Still, with his wish to switch franchises seemingly based on a desire to add a championship to his career resume, Harden is allowed to try to maneuver his way into what he feels is the best location for him and his career.

But not like this.

The sum of Harden’s actions over the past few days have cast him in a light as dim as that of a … (spot the hint) … Las Vegas nightclub. After being absent from training camp, Harden reportedly arrived on Tuesday and tested in accordance with the NBA's protocols. Before that, he hadn't provided any reliable information about where he was, what he was doing, and when or if he had any plans to return.

All of which left Rockets head coach Stephen Silas and team ownership in the same boat as most of the rest of us, which is getting snippets of information from social media posts, purporting to show Harden partying at various spots including the socially adjacent, largely mask-free birthday party of rapper Lil Baby at a Las Vegas nightclub.

“Be a professional,” FS1’s Nick Wright said on First Things First. “This isn’t how professionals act. In the midst of a pandemic, going on a coast to coast tour of clubs … while your team is at practice with a brand new head coach. To hold his own personal wildcat strike in the midst of all this and to flaunt it on social media, is ridiculous.”

If Harden is trying to force Houston’s hand – okay, let’s stop pretending, that is exactly what he’s trying to do – he’s going about it in perhaps the clumsiest fashion possible.

Years of getting somewhat close yet never close enough to a title have already led to some doubts about whether Harden’s need to be the focal point of whatever team he’s on is actually detrimental to the kind of ultimate glory he seeks.

And now, all this nonsense, including the reality that he will need to separate from his teammates after flouting NBA COVID-19 protocols, can only damage his trade value.

Let’s be real – there are teams out there who would make a move for Harden but such a thing is not a can’t miss proposition and the amount of trade stock that can be responsibly offered will reflect that.

If the trade temptations put forward are too low, the Rockets may opt to simply suck it up, and force Harden to play out the remaining three years of his contract - or at least position themselves as if they are prepared to do so. Three years is a timescale that must seem like an eternity to Harden, who is now 31 years old and has other places he would rather be.

“There are so many other things that can happen right now, (Houston needs) to sit tight, grit your teeth,” FOX Sports' NBA analyst Chris Broussard said. “It is going to be tough but you need to fight through this and don’t give in.”

Before Tuesday, Silas admitted there was “no timetable” for when he will see Harden again.

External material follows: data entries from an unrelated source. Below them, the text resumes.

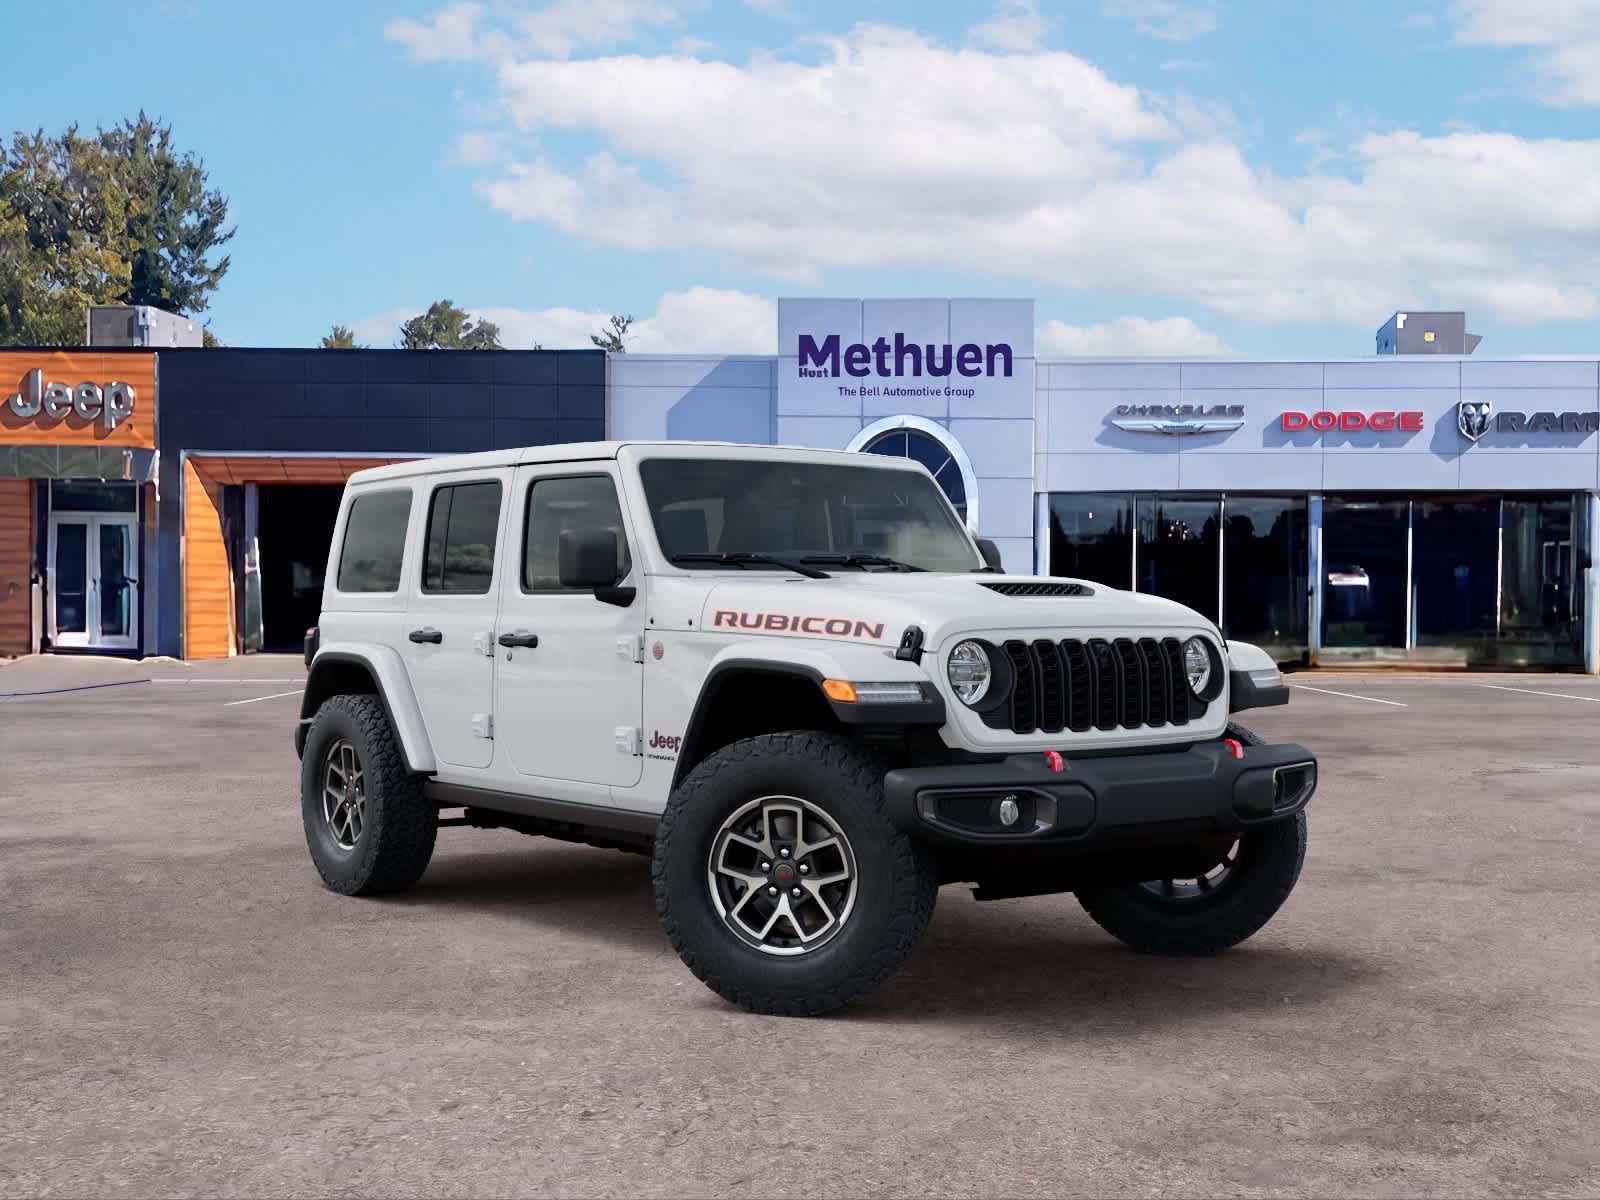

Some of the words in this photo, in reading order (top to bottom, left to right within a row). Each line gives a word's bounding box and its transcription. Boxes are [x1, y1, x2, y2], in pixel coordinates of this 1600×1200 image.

[798, 333, 1013, 378] Methuen
[9, 368, 136, 430] Jeep
[837, 386, 857, 397] The
[859, 386, 881, 397] Bell
[883, 386, 942, 397] Automotive
[944, 386, 975, 399] Group
[1282, 411, 1425, 432] DODGE
[1497, 411, 1600, 433] RAM
[713, 610, 886, 640] RUBICON

All the while, the city of Houston’s love affair with Harden has turned into outright antipathy.

“Everything Harden has told us the last three weeks – through his private actions and public partying and lack of communication with a franchise set to pay him $41 million this season – points to one unavoidable conclusion: He just doesn’t care,” wrote the Houston Chronicle’s Brian T. Smith.

It is becoming a sorry tale and it didn’t need to be. It sullies Harden’s reputation and it may be actively precluding him from the outcome he desires. You could perhaps understand it better if this was truly about winning a ring, and that's it.

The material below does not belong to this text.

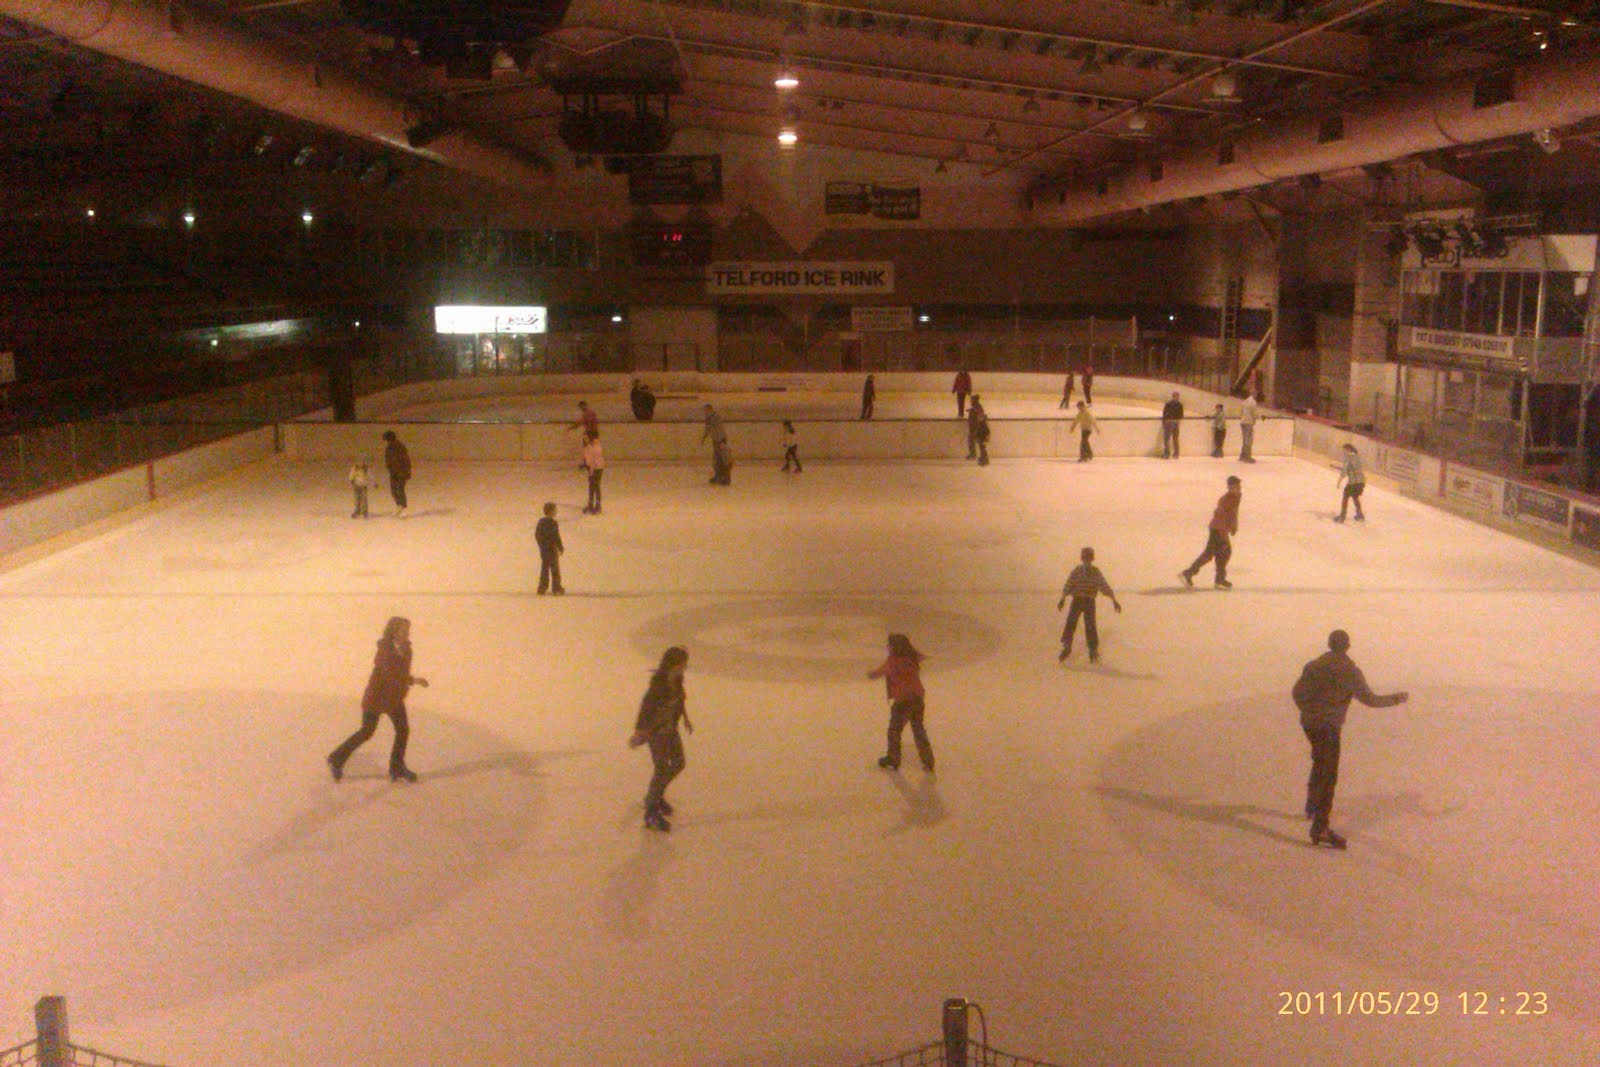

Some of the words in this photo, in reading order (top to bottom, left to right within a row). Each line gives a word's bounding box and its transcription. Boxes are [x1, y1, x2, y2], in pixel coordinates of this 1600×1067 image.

[712, 270, 800, 287] TELFORD
[804, 270, 837, 287] ICE
[840, 270, 886, 287] RINK

But can we say that with total confidence? Or is part of it about muscle-flexing, and posturing, and trying to exert power, and yep, about partying it up just because he can?

Harden is a phenomenal basketball player and one of the greatest scorers to have ever played the game. But even then, it could be that he is nowhere near as good, or as important, as he thinks he is.

No amount of step backs, no lofty field goal percentage, no status as one of the best in the league, is worth the kind of disruption he has shown.